Other personality patterns: Type B, C and D
While investigating Type A personality patterns, Friedman and Rosenman found that not all Type A personalities were the same. A) Yes, proposed that the type A personality could be A-1 or A-2; and it could also be type B , which included subtypes B-3 and B-4.
To explain it better, let's imagine a straight line in which one end has the letter A and the other end the letter B, and in the middle are the codes A-1, A-2, B-3 and B-4. We would find the personality type A, and the subtype A-1 in the first extreme, which is the most notorious manifestation of the traits that we explained previously.
The A-2 personality is the next segment, and refers to people who are less afflicted and less oriented towards competitiveness. On the other hand, if the person has success orientation, but is calmer than overloaded , then it is a type B-3 personality.
Finally, at the other end of the line we have the type B personality pattern, which is about a person who is perceived as more serene and peaceful (these would be the B-4 type personalities).
However, the research that followed Friedman and Rosenman's studies was not limited to studying Type A personality, so four personality patterns are currently recognized: type A, type B, C and type D.
Type A personality and heart disease
Friedman and Rosenman conducted a longitudinal study with 3154 healthy men between 39 and 59 years who applied a questionnaire that explored emotional dimensions and some lifestyles, from which they categorized personality traits type A.
Eight years later, 257 of the participants had developed a coronary disease, and by the end of the investigation, 70% of those who had developed it were men who had type A personality patterns.
They also found was that the people who were at the A end and the B end they had very different blood pressure levels : very high values at the first end and more normal values at the second end (250/130 mm Hg and 155/95 mm Hg, respectively).

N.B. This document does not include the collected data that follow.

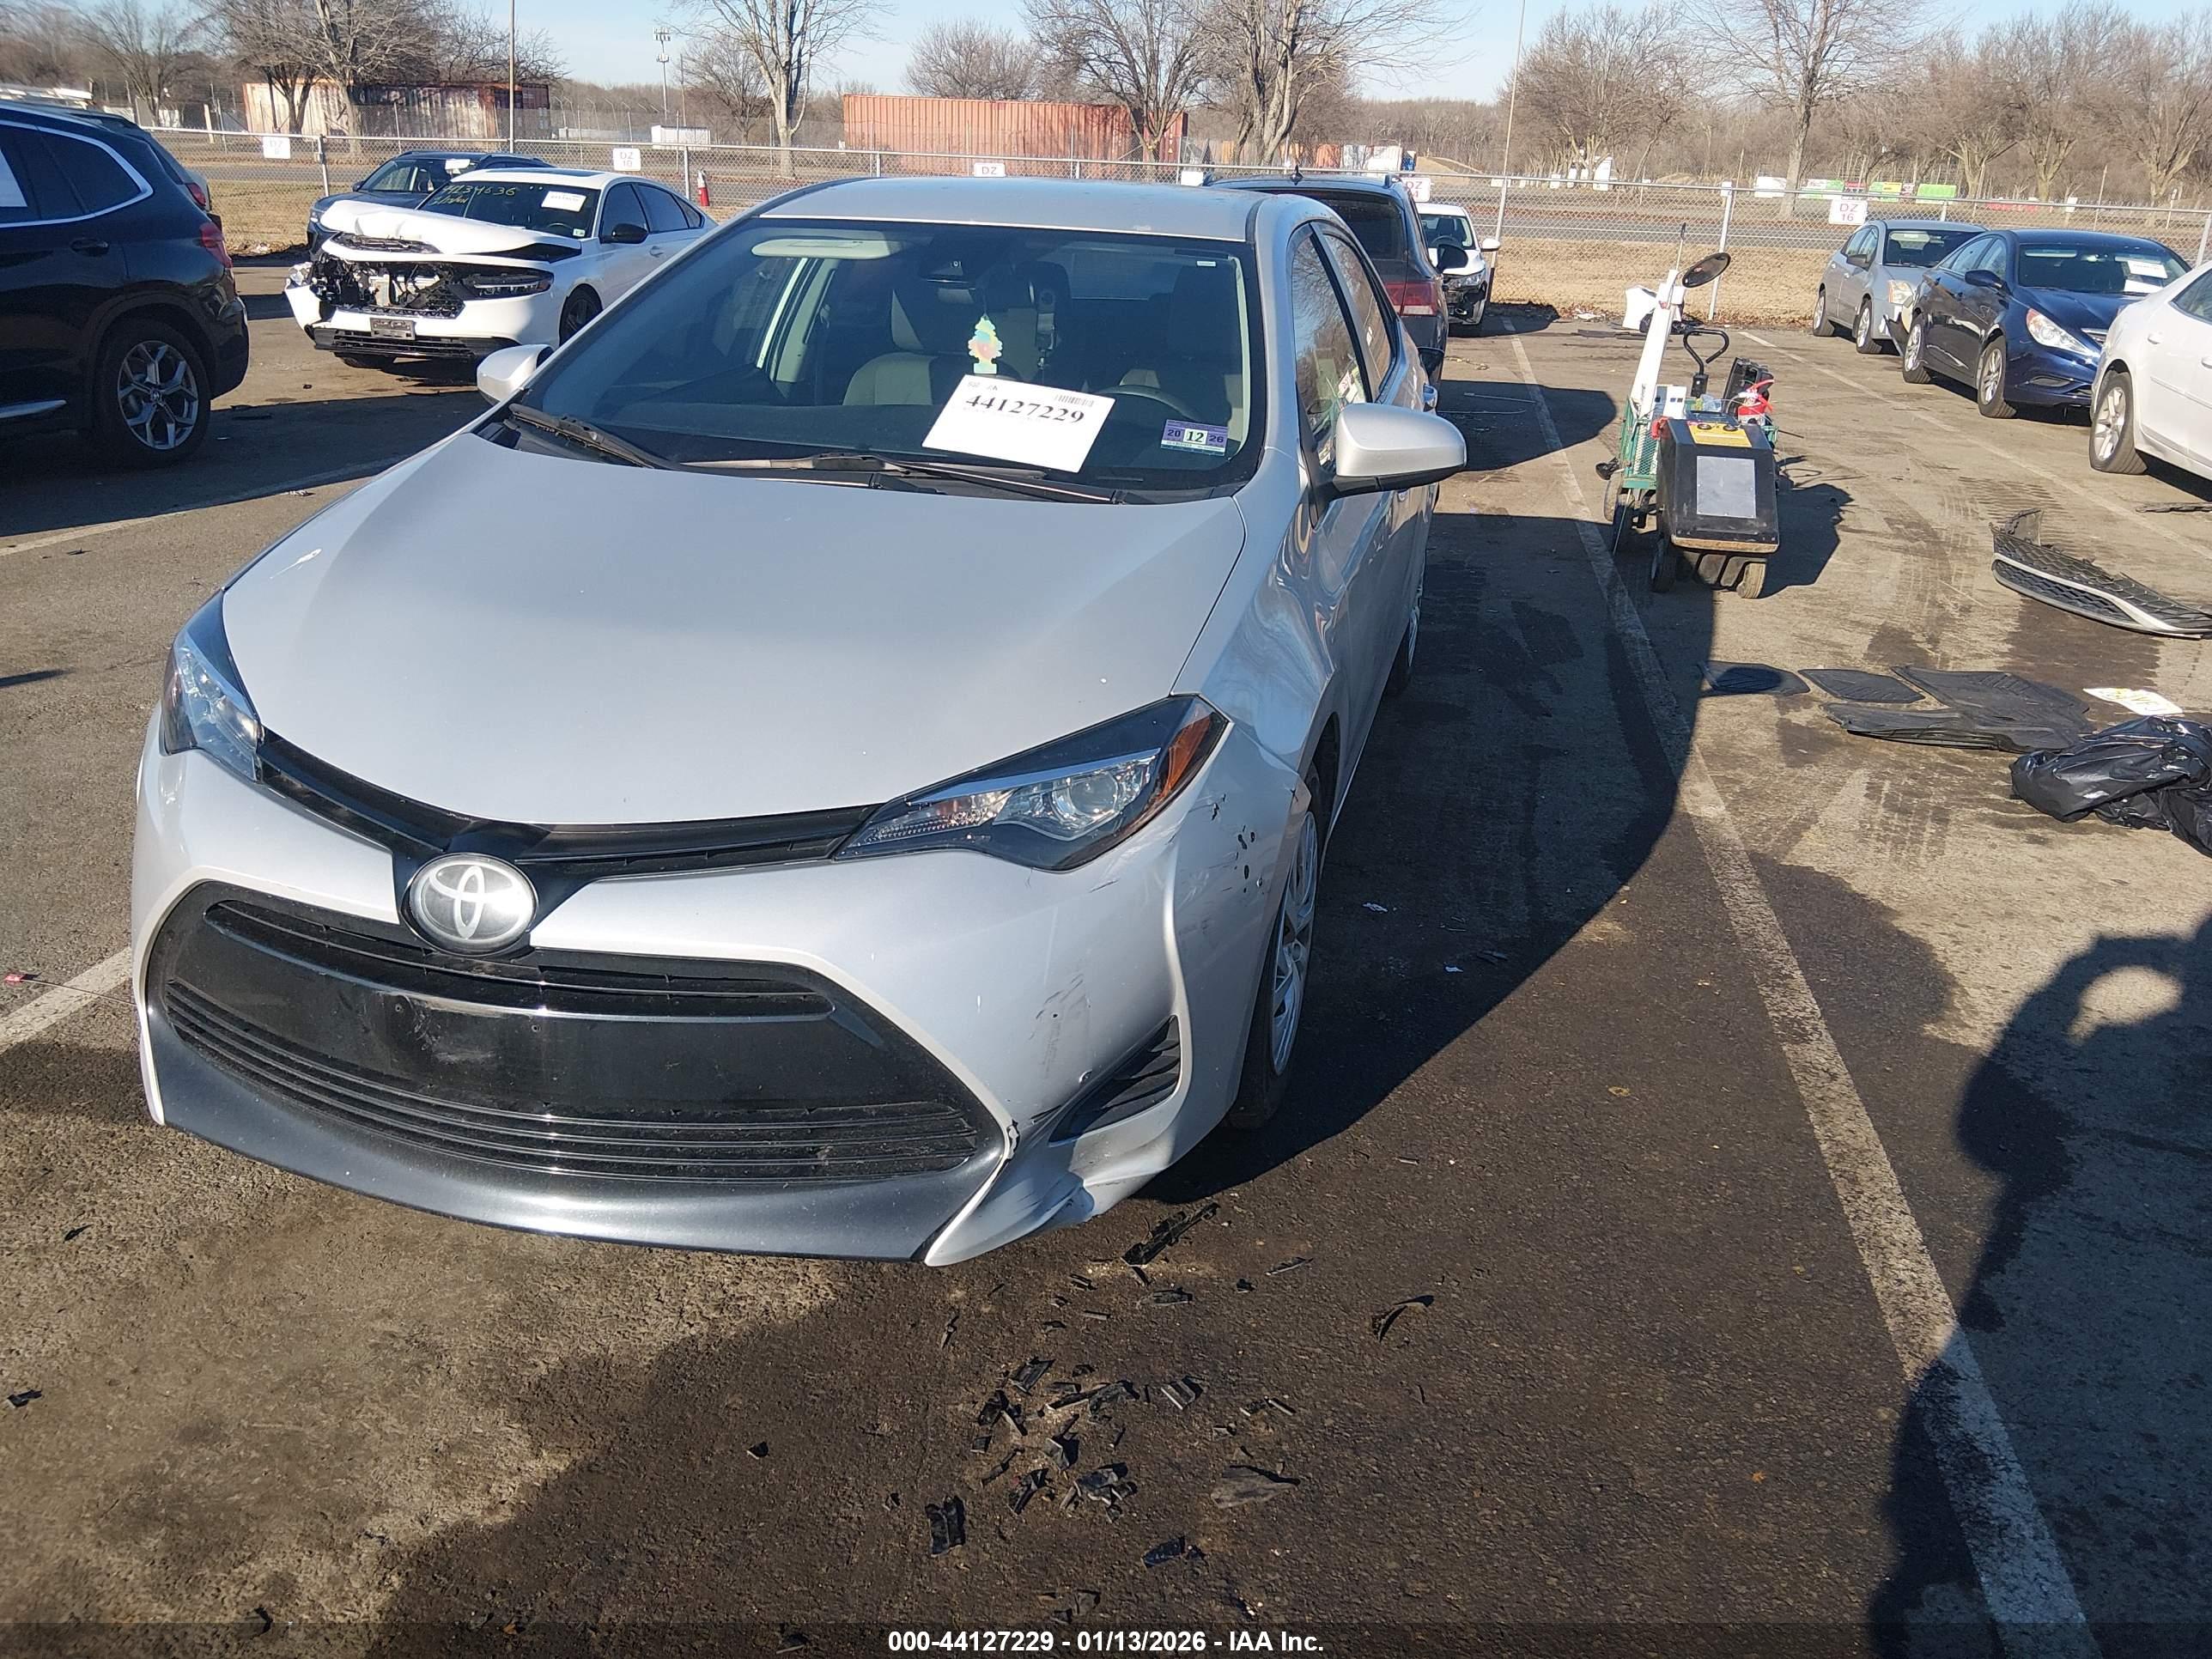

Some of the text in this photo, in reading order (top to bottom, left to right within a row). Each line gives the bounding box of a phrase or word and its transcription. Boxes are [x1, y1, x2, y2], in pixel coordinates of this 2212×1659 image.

[981, 167, 997, 175] DZ
[1840, 203, 1859, 212] DZ
[965, 394, 1085, 424] 44127229
[1187, 431, 1204, 443] 12
[1208, 434, 1224, 443] 26

Some limits in the investigation of the type A personality pattern
These they should not be understood as closed, fixed or immovable categories , but as a continuum. That is, we can meet in type A or B at different times and according to the demands of the environment.

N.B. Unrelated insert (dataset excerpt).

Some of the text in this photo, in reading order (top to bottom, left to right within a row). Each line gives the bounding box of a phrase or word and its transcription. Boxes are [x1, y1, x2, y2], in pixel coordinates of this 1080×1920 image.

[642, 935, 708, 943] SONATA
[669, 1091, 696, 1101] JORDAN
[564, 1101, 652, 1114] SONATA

For example, the same researchers realized that people who were at the end of the type A personality, could be found more towards the extreme B during the weekends or when the very demanding routines were modified.
On the other hand, one of the limitations of the study is that it was only done with men, so their results can not be fully applied to female population (lifestyles, social demands and the response to stress are different).

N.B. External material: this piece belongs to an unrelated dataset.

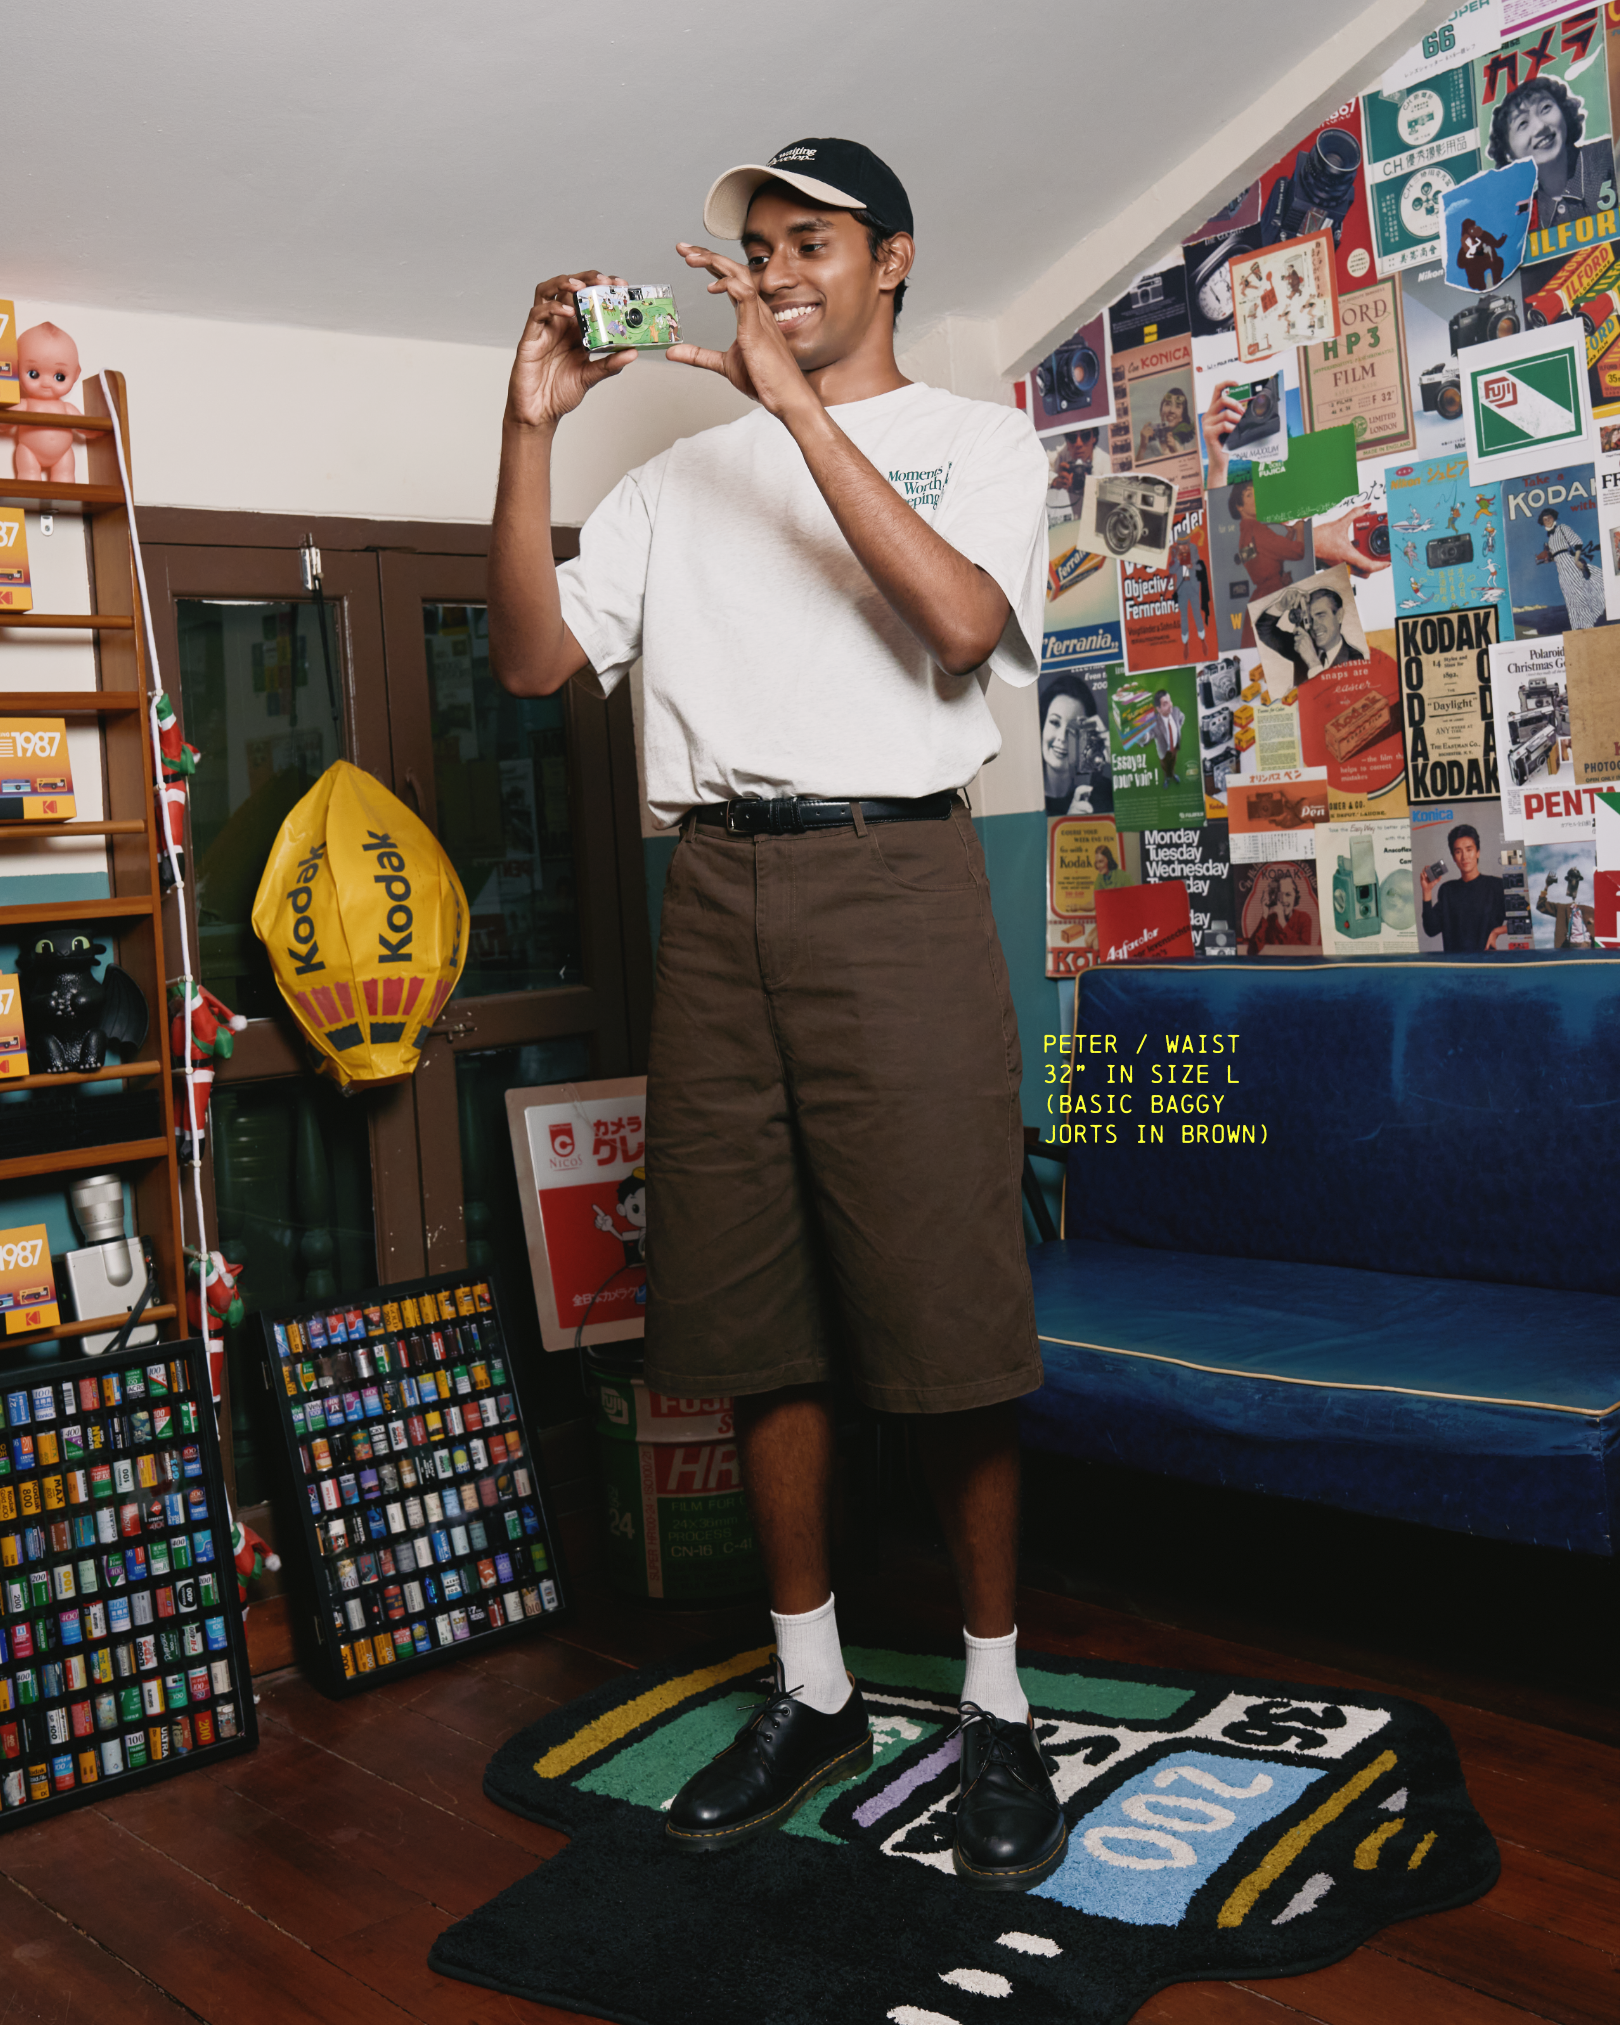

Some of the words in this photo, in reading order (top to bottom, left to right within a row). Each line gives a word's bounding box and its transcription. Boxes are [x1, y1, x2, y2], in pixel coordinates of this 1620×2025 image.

Likewise, it has been found that there are other risk factors more determinants for the development of cardiovascular diseases , such as smoking, sedentary lifestyle or obesity.
For the above, and also for the popularity that has gained in some sectors of both medicine and clinical psychology, personality type A is a theory that has been constantly researched and updated.
- McLeod, S. (2017). Type A Personality. Retrieved April 3, 2018. Available at //www.simplypsychology.org/personality-a.html
- Petticrew, M. Lee, K. & McKee, M. (2012). Type A Behavior Pattern and Coronary Heart Disease: Philip Morris's "Crown Jewel". Am J Public Health, 102 (11): 2018-2025.
- Friedman, H. & Booth-Kewley, S. (1987). Personality, Type A Behavior, and Coronary Heart Disease: The Role of Emotional Expression. Journal of Personality and Social Psychology. 53 (4): 783-792.
- Friedman, M. (1977). Type A behavior pattern: some of its pathophysiological component. Bull. N. And Acad. Med. 53 (7): 593-604.
- Rosenman, R. & Friedman, M. (1977). Modifying type a behavior pattern. Journal of Psychosomatic Research. 21 (4): 323-331.